The taste of plain water isn’t the best if you are looking for something more flavourful. Infuse water with lemon slices and some mint for flavour enhancement. This drink is refreshing, hydrates the body and adds to your daily vitamin C intake. Slices of cucumber and sprigs of sweet basil can be added to water as well, as all these ingredients have a cooling effect on the body and the digestive system. Water can be infused with pieces of fruit to enhance the flavour further, with citrus fruits being a great choice in addition to peaches, apples, plums, and pineapple. Just plain fresh mint leaves in water work gloriously too.
A mix of 1:1 greek yoghurt to water, with an additional pinch of cumin powder and rock salt, makes the most refreshing buttermilk drink. It can be consumed at room temperature or chilled for instant hydration. The flavour can be enhanced further by adding fresh mint and cilantro (coriander) leaves. The proportion of yoghurt to water can be altered depending upon individual tastes and preference. The idea is for it to be more watery than smoothie-like so that it’s lighter on the digestive system.
While tea is generally deemed to be dehydrating, Chinese herbal teas, fruit teas, and flower teas are lighter as they don’t contain caffeine, and these ‘teas’ work in a similar way as infused water and thereby are hydrating. Choose your favourite flower tea from rose, hibiscus, chrysanthemum, or chamomile to name a few. Dried fruits can be added easily to make a sweeter tea with peaches, plums, apples, citrus peels as a few of the options.
Fresh coconut water is one of nature’s best hydrating drinks due to its potassium content. Consumed at room temperature or chilled, it’s refreshing and energising thereby making it one of the best post-exercise drinks. And, of course, fresh coconut wins over its canned or bottled versions.
Apart from fruit-infused water, fruit juices are hydrating as well, especially when made from fresh fruits. Combined with certain vegetables, a fruit-veggie combo juice is refreshing and nutritious. Common vegetables used for juicing are cucumber, celery, kale, spinach, and beetroot. Some all-time favourite combinations are orange-carrot, pineapple-cucumber, and apple-carrot-beets. Any possible combination can be made and it all depends upon preferred flavours and a choice of dominant fruit flavour or vegetable flavour.
Chia seeds, known as a superfood are nutritionally beneficial, due to their antioxidants, minerals and fibre. Chia seeds swell up when soaked in water and are usually mixed into desserts or parfaits. However, just plain chia seeds soaked in a glass of water make a hydrating, and nutritious drink. Though the seeds add a crunch to the drink, they aren’t that flavourful and the addition of honey or bits of fruit will enhance the taste.
Aloe Vera juice
Regarded highly for its skin healing properties and for use externally, aloe vera is a superfood too. Either as a juice or small bits added to other drinks is a favoured option. Juicing aloe vera is a tedious affair so the latter option is certainly easier. However, do note that the quality of fresh aloe vera used should be top-notch and preferably organic.
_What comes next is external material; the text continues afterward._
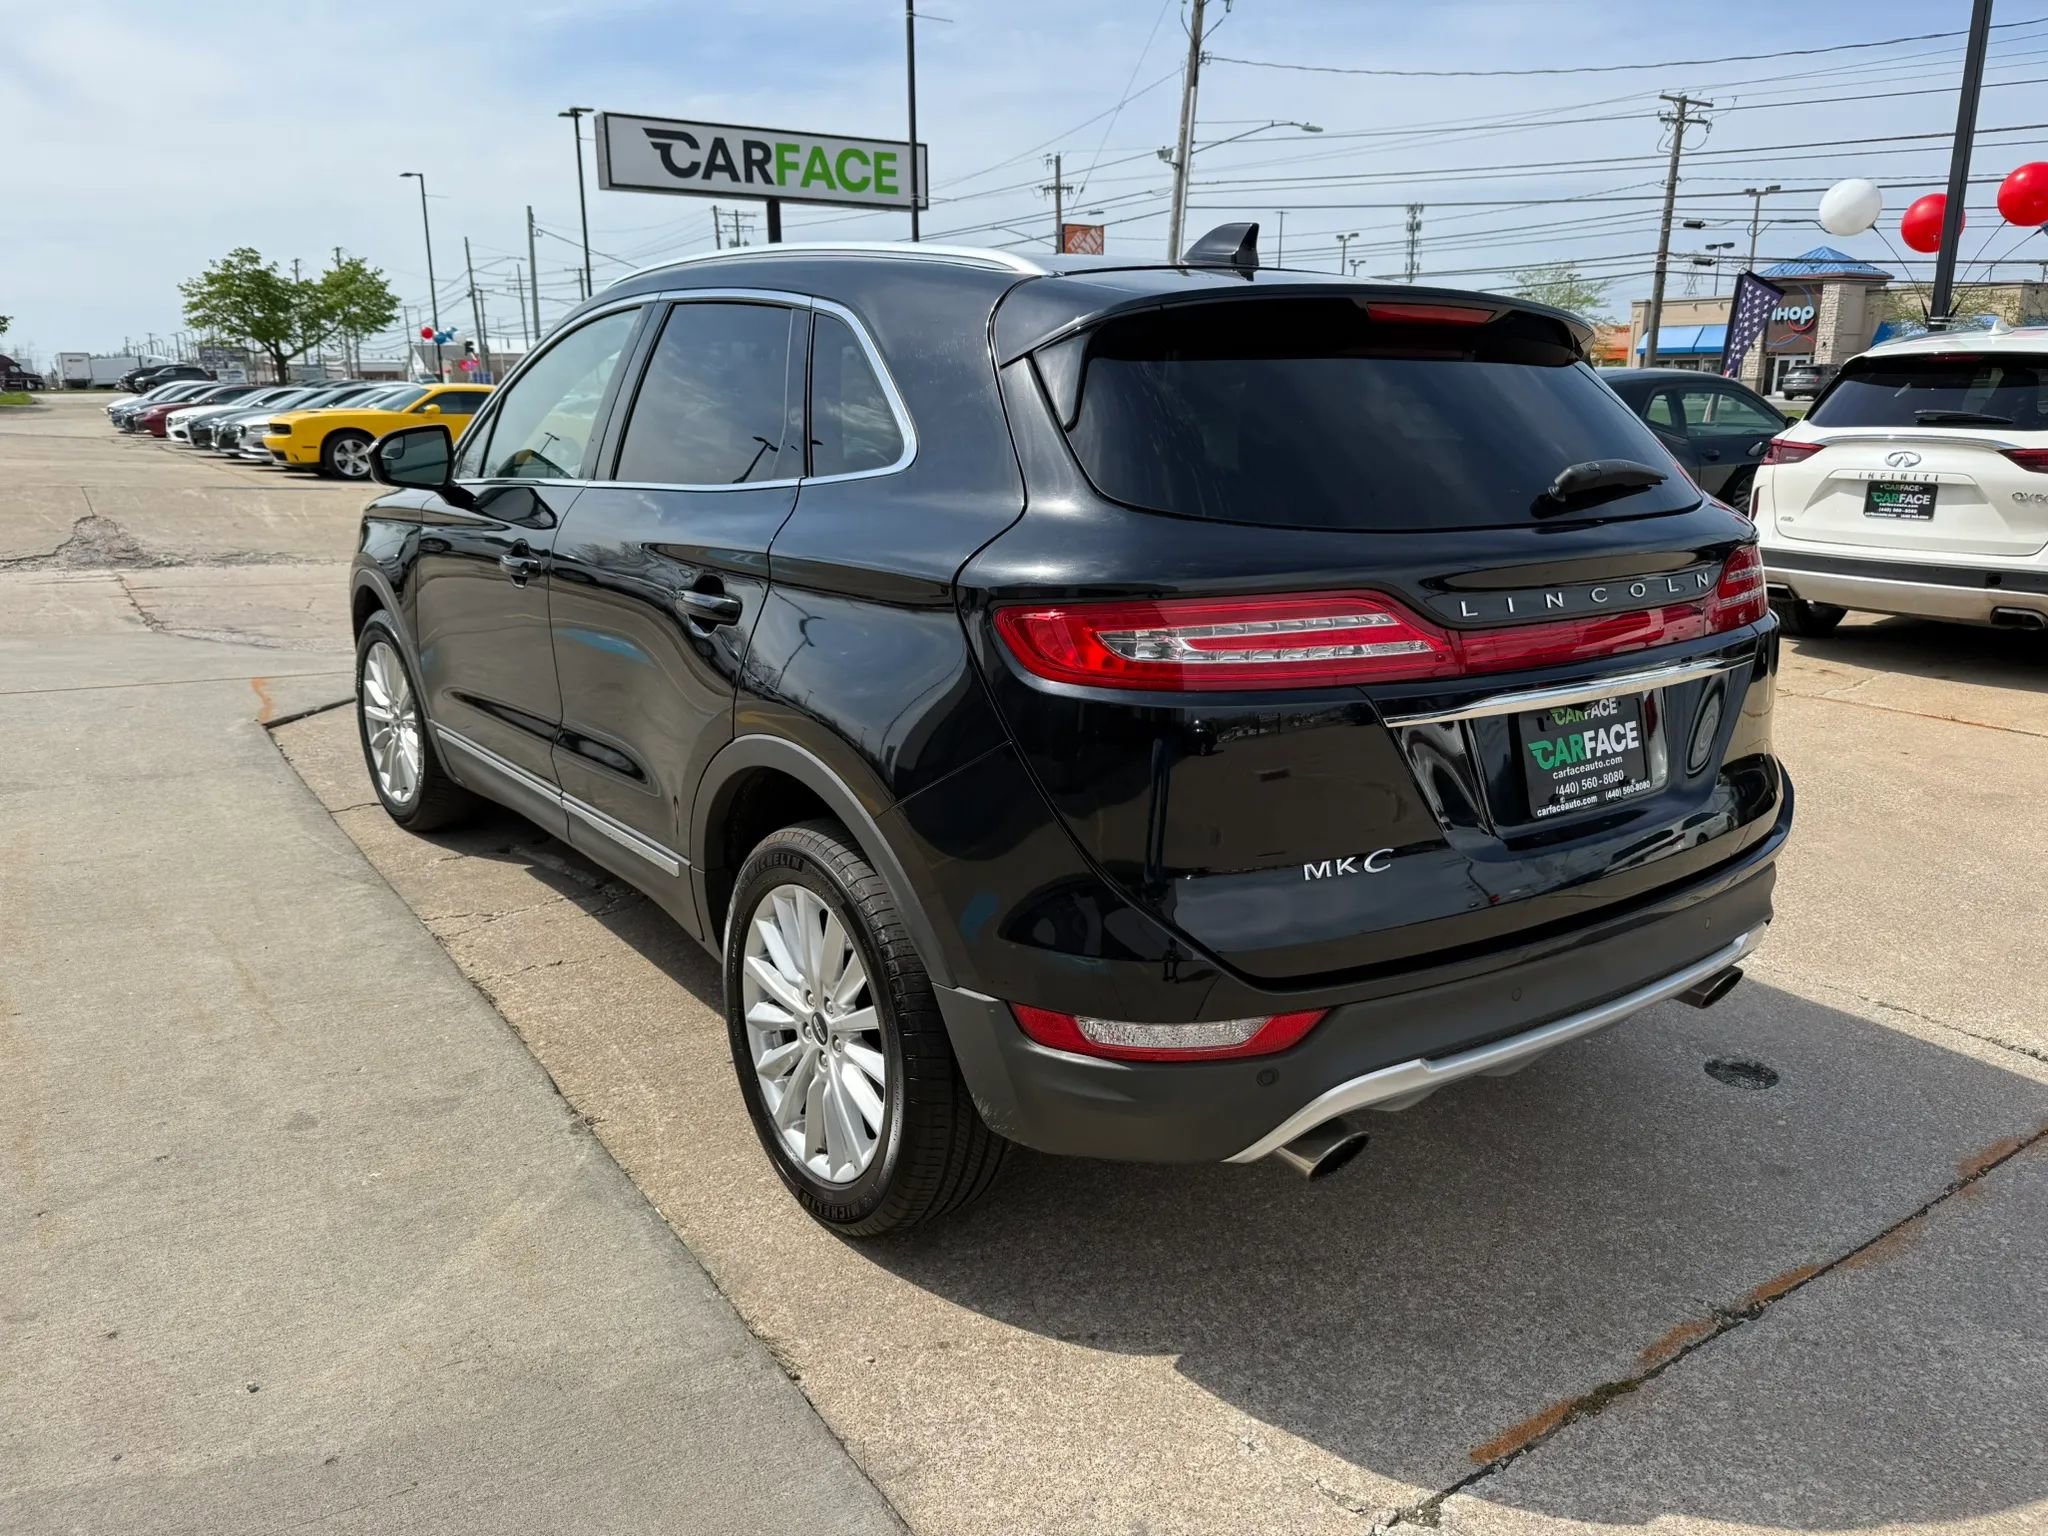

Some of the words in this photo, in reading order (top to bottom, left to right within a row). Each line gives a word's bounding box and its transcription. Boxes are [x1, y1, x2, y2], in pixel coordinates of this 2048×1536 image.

Plenty of off-the-shelf rehydration drinks are available and whilst easy to procure, may not be the most nutritious. The main contents of these drinks are citrus flavourings, salt (sodium), sugar (usually artificial) and water, as these ingredients work best for hydration. The better equivalent is homemade lemonade comprising freshly squeezed lemon juice, honey, water and a pinch of salt.
Though options abound for hydrating drinks water always wins, be it regular, ionised, mineral, sparkling or still!